The Byrd rule states that legislation is unfit for reconciliation if it "produce[s] changes in outlays or revenue which are merely incidental to the non-budgetary components of the provision." I asked Jim Horney, a budget expert at the Center for Budget and Policy Priorities, how you define "merely incidental." And what, exactly, is a "provision"?

He sighed. A provision, he said, is "not defined anywhere. It goes well below a title or section of a bill and even below a paragraph. But exactly what it is nobody knows." And the Senate rules offer no more clarity on the definition of "merely incidental." Asked if anyone had developed an accepted meaning, Horney seemed almost apologetic. "No," he said. "Absolutely not."

The matter is not simply academic: The Byrd rule allows senators to challenge the acceptability of any provision (undefined) of a reconciliation bill based on whether or not its effect on government revenues is "merely incidental" (undefined). Thus, if you enter reconciliation with a health-reform bill, it's not clear what's left after each and every provision -- however that is defined -- is challenged and a certain number of them are deleted altogether: the tax portions, certainly. And the government subsidies. But is regulating insurers "merely incidental" to government revenues? How about reforming hospital delivery systems? How about incentives for preventive treatment? Or the construction of a public plan? An individual mandate?

It's hard to say. The ultimate decision is left up to the Senate parliamentarian, whose rulings are unpredictable. Under George W. Bush, Republicans managed to ram tax cuts, oil drilling, trade authority, and much else through reconciliation. But they were as often disappointed: The GOP leaders fired two successive Senate parliamentarians whose Byrd rule rulings angered them.

Taken as a whole, the uncertainty of the reconciliation process transforms it into a game of chicken: If Republicans refuse to cooperate with health reform and force Democrats to resort to reconciliation, no one knows what will emerge out of the other end. Republicans might have no input, but Democrats will be at the mercy of an obscure bureaucrat's interpretation of an undefined Senate rule. It's the legislative equivalent of deciding a bill on penalty kicks.

What should not be missed in all this is the absurdity that is the contemporary Senate. You need 50 votes to pass a bill. You need 60 votes to overcome a parliamentary trick that allows 40 senators to talk about cheese whiz until everyone else heads home for the night. But some priorities -- deficit reduction and the budget among them -- were judged too important to face the filibuster. There was no particular rationale given for that shortcut, but the relevant senators have clung tightly to its terms. Last week, Sen. Robert Byrd, now in his late 80s, reiterated that reconciliation was "a process intended for deficit reduction," and using it for health reform and cap and trade "is an outrage that must be resisted."
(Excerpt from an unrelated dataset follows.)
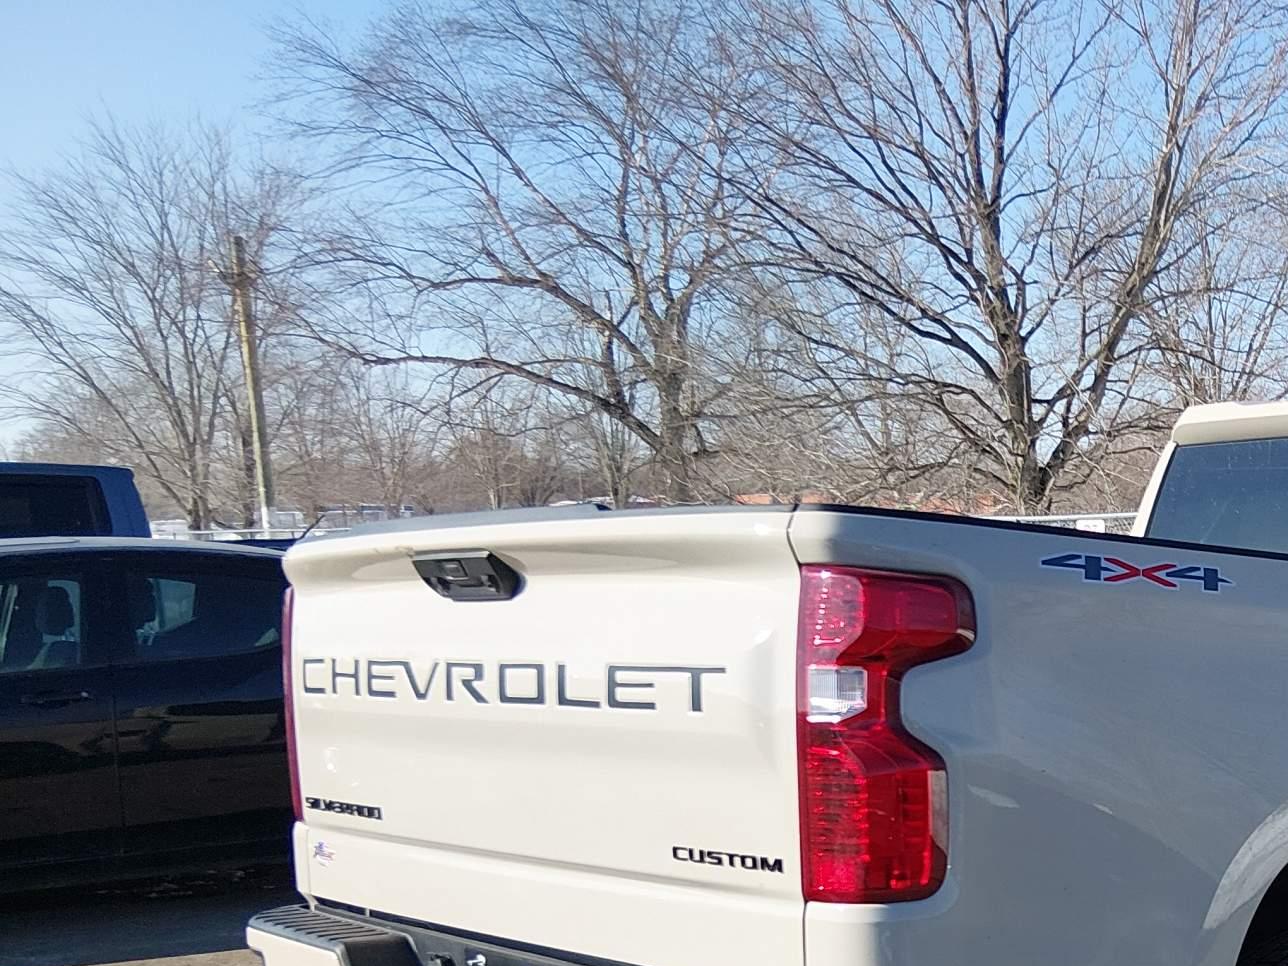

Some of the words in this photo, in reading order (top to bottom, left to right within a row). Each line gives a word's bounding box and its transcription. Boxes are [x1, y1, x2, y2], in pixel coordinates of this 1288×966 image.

[302, 657, 727, 713] CHEVROLET
[304, 796, 384, 821] SILVERADO
[672, 846, 785, 874] CUSTOM
But the reconciliation process has been used for plenty that did not reduce deficits. Both of President Bush's tax-cut plans traveled through the process. And the very senators who speak reverentially of the filibuster now, voted for reconciliation then. Judd Gregg, in fact, voted for reconciliation every time it was used in the Bush era.
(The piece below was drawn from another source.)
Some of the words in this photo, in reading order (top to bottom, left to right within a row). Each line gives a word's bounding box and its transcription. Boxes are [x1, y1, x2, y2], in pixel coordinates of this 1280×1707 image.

And even if reconciliation had only ever been used to cut the deficit, an observer might wonder what renders deficit reduction so much more pressing than, say, ending the punishing human cost of the health-care crisis, or saving the planet from catastrophic climate change. Why should cutting programs be exempt from the Senate rules but not saving lives?

Correction: Sen. Robert Byrd was described as being in his late 80s. He is actually 92 years old.